Dans le domaine des déchets en Corse, dès 2006 elles ont sensibilisé aux dangers de l’incinération liés au projet d’un méga-incinérateur de 160 000 tonnes. Il a été abandonné par les élus lors d’un vote de l’Assemblée de Corse le 25 novembre 2010, actant le renoncement à tout procédé thermique de valorisation.
Depuis, les associations n’ont cessé d’informer et de travailler bénévolement sur les alternatives. Différents spécialistes nationaux et internationaux sont venus à leur invitation, pour faire part de leurs retours d’expérience. Ces conférences et échanges, largement médiatisés, ont suscité un grand intérêt de la part du public et de certains élus.

Empêcheuses de tourner en rond…

Mais en vingt ans les différents acteurs ont laissé saturer les centres d’enfouissement, sans mettre en œuvre à grande échelle les mesures de bon sens qui s’imposaient pour réduire et améliorer la gestion des déchets. Seules quelques collectivités ont œuvré dans ce sens.
Par manque de vision, de courage politique, voir à cause de pressions, nos décideurs ont finalement fait le mauvais choix. Cette solution de facilité, la moins efficace et la plus coûteuse, s’appuie sur des structures industrielles imposées par de grands groupes. Surdimensionné, ce CTV implique la centralisation en favorisant les transports,  afin de revenir à l’incinération sous couvert de valorisation énergétique.

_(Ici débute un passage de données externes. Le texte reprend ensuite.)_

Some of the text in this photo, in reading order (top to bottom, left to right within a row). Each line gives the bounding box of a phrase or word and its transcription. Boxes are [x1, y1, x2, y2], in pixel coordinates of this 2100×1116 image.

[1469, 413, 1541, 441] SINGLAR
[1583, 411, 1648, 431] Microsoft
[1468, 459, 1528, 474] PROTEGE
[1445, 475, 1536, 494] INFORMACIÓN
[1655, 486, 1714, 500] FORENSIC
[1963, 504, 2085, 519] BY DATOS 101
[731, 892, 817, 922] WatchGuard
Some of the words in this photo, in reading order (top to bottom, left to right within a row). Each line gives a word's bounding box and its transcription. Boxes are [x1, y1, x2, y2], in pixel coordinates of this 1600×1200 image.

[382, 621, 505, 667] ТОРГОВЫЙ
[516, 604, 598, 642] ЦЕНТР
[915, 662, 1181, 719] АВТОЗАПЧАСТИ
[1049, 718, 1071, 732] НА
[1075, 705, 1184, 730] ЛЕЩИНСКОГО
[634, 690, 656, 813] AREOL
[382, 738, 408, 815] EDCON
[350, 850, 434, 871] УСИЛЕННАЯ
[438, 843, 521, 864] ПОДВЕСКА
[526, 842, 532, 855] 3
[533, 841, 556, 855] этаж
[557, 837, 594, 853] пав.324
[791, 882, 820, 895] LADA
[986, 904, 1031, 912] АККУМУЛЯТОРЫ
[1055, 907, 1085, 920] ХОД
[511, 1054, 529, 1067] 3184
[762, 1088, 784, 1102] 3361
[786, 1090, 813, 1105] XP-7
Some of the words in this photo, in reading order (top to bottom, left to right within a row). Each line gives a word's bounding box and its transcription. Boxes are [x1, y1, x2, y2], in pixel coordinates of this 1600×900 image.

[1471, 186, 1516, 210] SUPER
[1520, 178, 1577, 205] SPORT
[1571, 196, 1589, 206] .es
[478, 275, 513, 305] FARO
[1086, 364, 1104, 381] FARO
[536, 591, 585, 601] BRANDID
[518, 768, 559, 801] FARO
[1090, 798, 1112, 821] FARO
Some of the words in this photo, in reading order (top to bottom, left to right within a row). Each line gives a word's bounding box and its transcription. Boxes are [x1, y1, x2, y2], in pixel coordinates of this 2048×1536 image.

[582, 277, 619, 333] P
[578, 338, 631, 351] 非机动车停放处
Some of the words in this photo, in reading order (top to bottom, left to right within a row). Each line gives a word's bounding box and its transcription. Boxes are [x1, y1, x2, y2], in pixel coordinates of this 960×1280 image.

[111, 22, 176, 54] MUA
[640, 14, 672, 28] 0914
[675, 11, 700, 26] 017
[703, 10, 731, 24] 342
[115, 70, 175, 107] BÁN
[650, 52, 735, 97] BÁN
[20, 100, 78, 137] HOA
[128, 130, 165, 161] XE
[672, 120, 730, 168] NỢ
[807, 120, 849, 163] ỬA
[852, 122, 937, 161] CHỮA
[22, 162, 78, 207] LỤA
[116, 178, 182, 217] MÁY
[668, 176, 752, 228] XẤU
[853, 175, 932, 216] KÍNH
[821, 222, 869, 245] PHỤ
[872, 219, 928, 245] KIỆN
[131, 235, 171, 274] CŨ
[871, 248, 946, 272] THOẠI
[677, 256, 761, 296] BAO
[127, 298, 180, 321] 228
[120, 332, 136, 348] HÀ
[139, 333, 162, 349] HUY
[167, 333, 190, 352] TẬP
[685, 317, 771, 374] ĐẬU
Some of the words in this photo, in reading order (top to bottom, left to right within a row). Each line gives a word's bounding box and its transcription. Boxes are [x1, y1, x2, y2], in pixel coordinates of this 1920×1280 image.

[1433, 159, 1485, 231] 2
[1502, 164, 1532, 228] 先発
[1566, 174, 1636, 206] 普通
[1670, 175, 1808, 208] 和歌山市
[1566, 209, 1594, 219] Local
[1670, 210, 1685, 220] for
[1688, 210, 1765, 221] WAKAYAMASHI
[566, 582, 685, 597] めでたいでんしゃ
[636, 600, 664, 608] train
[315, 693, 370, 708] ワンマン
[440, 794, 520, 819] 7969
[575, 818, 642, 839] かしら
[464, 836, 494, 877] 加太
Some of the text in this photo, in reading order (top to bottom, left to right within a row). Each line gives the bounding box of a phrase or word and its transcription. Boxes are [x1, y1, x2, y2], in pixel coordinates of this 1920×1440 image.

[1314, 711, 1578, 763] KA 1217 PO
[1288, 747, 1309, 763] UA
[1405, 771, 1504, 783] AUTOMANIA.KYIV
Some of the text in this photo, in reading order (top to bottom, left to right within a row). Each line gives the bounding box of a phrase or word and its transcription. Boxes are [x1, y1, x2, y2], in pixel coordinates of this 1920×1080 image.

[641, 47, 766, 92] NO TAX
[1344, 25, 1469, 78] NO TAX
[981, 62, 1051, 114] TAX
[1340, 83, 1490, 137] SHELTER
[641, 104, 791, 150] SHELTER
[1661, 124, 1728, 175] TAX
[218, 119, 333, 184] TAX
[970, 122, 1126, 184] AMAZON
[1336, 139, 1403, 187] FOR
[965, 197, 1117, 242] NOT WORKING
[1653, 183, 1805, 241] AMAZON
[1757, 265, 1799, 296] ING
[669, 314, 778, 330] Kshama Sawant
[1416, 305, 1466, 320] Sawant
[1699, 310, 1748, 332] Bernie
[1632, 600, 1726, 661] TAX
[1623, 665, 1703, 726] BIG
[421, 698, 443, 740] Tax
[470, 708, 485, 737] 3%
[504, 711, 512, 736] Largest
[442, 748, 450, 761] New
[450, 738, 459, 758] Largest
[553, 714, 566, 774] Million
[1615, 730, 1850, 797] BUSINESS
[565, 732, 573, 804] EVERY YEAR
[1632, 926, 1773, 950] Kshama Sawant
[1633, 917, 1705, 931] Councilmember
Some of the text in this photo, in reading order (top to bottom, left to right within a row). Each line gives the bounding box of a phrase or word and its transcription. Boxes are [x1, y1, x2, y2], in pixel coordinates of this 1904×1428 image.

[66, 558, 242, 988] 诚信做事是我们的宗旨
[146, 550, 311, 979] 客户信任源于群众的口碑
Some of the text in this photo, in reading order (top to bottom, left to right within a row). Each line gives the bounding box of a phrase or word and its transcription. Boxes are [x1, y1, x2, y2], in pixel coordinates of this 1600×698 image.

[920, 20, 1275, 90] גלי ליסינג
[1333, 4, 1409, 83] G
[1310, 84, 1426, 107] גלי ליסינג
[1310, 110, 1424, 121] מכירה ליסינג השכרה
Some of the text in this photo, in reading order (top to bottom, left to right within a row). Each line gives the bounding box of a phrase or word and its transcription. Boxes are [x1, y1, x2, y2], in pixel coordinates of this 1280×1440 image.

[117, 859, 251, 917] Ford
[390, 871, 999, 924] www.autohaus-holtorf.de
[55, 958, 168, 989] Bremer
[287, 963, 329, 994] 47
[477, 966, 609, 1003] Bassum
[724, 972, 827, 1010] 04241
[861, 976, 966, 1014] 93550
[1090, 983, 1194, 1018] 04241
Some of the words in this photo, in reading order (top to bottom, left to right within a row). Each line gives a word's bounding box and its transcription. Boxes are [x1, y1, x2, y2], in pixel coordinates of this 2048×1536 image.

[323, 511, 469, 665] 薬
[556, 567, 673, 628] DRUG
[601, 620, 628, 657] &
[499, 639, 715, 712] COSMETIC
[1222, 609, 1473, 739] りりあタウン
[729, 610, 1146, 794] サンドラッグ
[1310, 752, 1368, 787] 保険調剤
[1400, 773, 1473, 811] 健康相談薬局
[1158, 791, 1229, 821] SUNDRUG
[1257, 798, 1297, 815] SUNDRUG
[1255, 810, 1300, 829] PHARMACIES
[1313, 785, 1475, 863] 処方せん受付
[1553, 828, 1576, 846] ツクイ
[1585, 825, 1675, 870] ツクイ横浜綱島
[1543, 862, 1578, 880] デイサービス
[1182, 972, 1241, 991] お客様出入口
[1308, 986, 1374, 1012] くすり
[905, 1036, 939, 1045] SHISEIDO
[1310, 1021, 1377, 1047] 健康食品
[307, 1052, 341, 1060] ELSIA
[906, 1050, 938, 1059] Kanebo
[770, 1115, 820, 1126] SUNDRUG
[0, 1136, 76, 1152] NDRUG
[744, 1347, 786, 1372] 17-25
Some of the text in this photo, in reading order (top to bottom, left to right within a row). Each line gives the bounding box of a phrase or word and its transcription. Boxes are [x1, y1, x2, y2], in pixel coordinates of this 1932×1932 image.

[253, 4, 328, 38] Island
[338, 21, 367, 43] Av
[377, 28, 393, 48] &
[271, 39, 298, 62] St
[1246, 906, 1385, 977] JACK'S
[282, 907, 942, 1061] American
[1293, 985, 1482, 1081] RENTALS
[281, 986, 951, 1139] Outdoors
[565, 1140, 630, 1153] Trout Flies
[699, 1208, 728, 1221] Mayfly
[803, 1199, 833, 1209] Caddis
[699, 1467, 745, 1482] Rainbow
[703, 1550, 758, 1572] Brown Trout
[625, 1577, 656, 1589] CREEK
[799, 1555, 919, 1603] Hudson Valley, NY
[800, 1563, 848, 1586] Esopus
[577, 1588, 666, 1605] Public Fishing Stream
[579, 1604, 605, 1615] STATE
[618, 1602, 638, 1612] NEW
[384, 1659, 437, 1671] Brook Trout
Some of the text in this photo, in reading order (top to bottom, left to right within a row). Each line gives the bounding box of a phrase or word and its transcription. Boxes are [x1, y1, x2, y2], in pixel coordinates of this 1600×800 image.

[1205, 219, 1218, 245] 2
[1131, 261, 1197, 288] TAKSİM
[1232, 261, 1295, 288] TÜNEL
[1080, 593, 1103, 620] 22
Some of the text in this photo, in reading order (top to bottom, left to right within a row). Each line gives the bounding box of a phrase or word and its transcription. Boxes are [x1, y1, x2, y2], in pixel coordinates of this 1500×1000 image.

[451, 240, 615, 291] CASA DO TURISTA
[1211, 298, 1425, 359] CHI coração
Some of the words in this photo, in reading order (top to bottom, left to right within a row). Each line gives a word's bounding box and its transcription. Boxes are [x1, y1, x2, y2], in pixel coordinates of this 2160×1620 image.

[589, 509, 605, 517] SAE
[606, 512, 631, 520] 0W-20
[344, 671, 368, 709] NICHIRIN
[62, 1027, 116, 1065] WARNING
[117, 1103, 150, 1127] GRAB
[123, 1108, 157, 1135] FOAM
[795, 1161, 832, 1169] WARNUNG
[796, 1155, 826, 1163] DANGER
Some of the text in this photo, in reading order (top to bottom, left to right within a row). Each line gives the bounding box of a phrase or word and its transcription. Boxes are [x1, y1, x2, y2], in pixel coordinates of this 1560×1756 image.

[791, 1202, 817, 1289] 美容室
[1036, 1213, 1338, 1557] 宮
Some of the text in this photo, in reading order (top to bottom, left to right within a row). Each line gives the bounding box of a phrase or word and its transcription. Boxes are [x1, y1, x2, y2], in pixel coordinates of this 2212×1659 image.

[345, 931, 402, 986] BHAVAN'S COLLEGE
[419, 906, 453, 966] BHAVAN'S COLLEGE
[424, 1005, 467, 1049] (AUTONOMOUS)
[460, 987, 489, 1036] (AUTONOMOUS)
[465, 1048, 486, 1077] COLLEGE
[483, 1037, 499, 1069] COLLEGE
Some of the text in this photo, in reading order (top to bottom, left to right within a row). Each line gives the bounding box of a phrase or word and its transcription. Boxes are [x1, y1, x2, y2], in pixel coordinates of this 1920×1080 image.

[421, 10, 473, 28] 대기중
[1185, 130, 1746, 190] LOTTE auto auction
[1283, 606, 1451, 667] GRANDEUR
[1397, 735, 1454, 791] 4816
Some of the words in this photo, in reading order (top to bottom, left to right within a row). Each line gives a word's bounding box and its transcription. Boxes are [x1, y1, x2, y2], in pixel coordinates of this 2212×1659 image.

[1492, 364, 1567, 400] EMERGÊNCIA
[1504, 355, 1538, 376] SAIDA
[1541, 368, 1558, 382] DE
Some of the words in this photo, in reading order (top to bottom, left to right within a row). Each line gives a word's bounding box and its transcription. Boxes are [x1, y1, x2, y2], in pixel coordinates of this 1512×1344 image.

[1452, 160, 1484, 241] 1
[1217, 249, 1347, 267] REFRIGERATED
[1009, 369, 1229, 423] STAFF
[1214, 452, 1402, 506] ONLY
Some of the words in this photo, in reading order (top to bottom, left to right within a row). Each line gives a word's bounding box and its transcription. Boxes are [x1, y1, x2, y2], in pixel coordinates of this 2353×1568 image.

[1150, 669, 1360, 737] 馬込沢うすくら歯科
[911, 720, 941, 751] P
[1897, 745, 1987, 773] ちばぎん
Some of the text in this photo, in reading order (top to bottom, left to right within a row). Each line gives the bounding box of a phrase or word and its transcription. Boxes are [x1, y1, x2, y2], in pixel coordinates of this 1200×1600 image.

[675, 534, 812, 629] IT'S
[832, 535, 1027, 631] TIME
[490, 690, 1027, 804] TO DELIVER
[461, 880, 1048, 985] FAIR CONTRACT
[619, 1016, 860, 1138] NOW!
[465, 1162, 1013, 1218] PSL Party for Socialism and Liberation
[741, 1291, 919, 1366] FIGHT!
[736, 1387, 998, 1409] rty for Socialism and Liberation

Nos collectivités seront liées pour des décennies à un système qui génère des coûts de fonctionnement exponentiels (dont tous les aspects ne sont pas encore concrètement envisagés : augmentation des taxes, coûts de transport, de traitement, de stockage, baisse des aides, incidents techniques…). Les impacts négatifs sur la santé, l’environnement, l’épuisement des ressources, le dérèglement climatique, les finances publiques sont malheureusement prévisibles. Et c’est au détriment des usagers que nous sommes.
C’est pourquoi les associations se mobilisent, cherchent à décrypter la face cachée des projets, les défèrent à la justice en dernier recours.